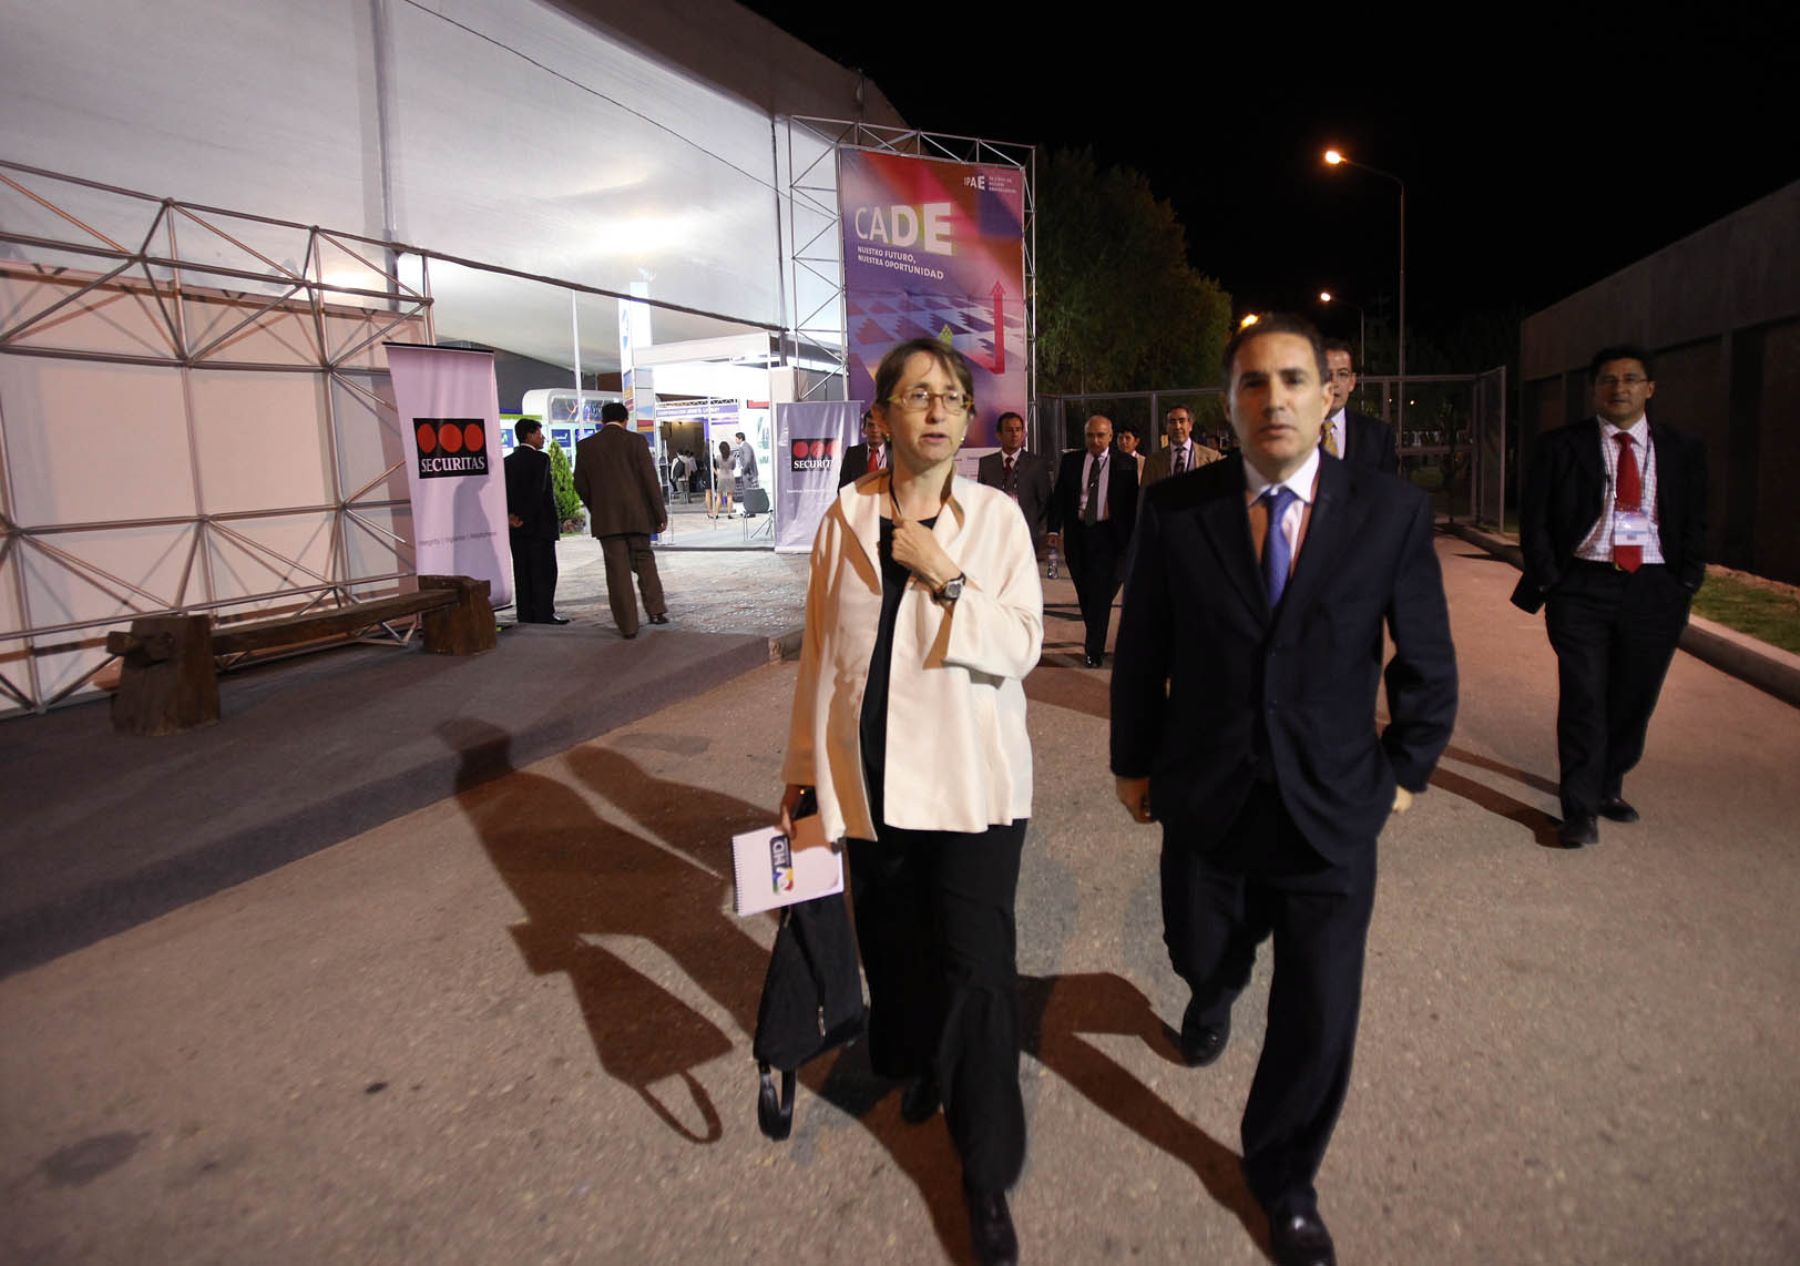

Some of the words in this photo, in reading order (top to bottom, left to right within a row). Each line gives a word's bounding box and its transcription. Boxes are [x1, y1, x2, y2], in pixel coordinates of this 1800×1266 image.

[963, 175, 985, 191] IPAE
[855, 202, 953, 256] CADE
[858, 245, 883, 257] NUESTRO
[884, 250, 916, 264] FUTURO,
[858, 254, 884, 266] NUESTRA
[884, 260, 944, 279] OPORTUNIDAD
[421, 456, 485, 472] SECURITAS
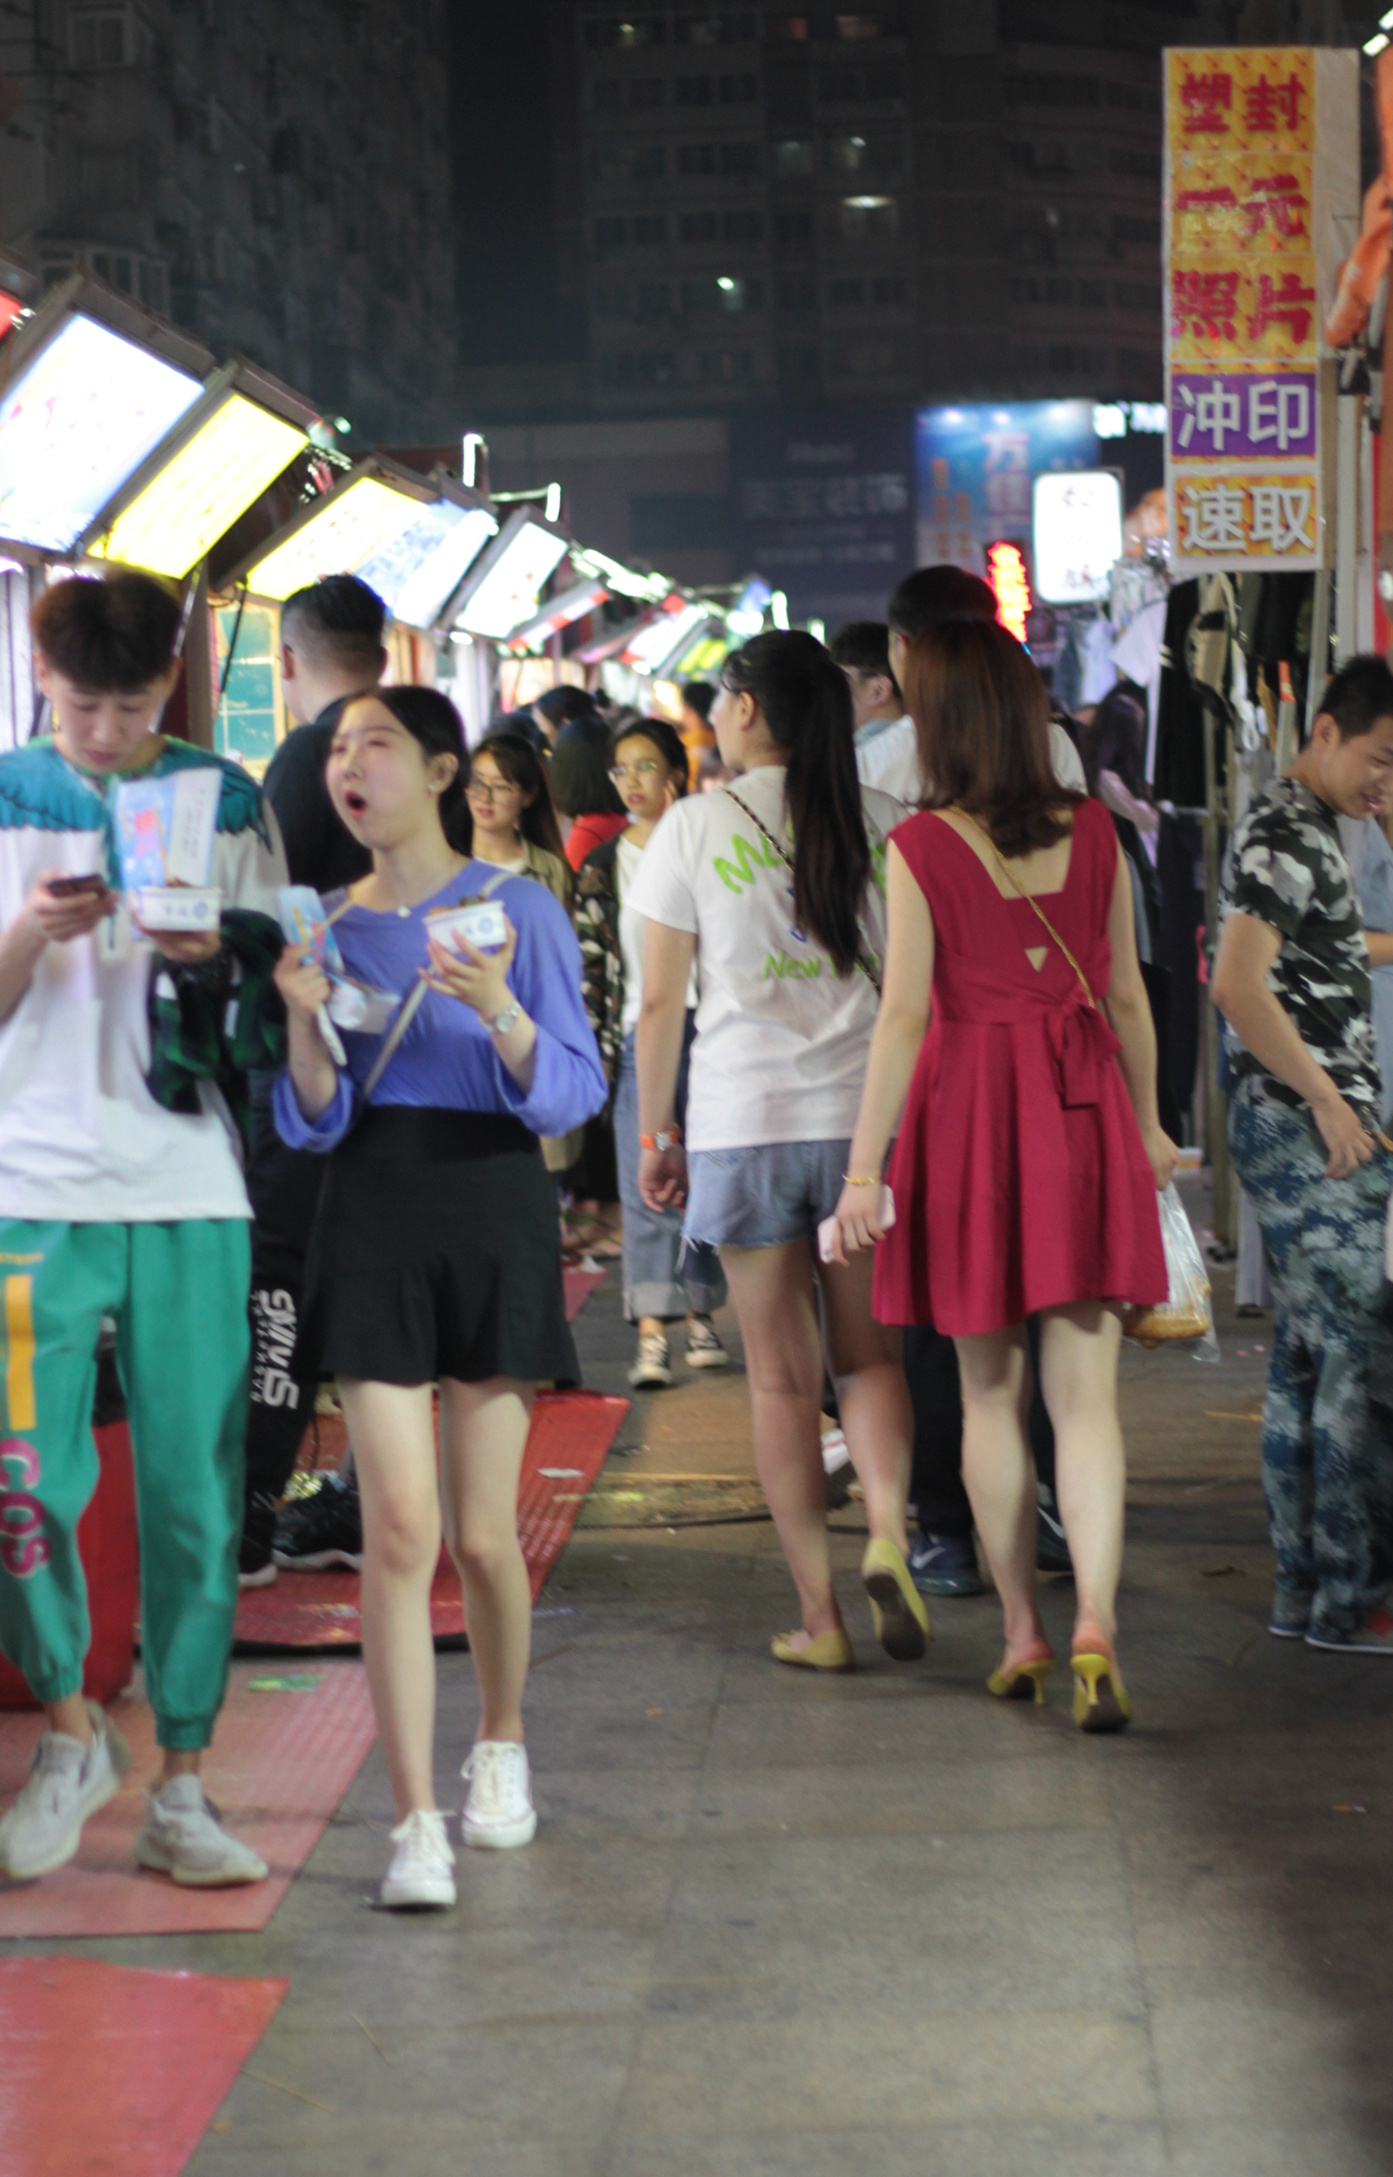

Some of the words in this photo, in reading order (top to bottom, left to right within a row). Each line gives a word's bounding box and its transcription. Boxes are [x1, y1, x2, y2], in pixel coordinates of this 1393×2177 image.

Required work ::
Leave out the pictures and return the rest of the records exactly.

Response area ::
Some of the words in this photo, in reading order (top to bottom, left to right within a row). Each line gives a word's bounding box and its transcription. Boxes are [x1, y1, x2, y2], in pixel coordinates of this 1800×1266 image.

[963, 175, 985, 191] IPAE
[855, 202, 953, 256] CADE
[858, 245, 883, 257] NUESTRO
[884, 250, 916, 264] FUTURO,
[858, 254, 884, 266] NUESTRA
[884, 260, 944, 279] OPORTUNIDAD
[421, 456, 485, 472] SECURITAS

Some of the words in this photo, in reading order (top to bottom, left to right within a row). Each line gives a word's bounding box and its transcription. Boxes are [x1, y1, x2, y2], in pixel coordinates of this 1393×2177 image.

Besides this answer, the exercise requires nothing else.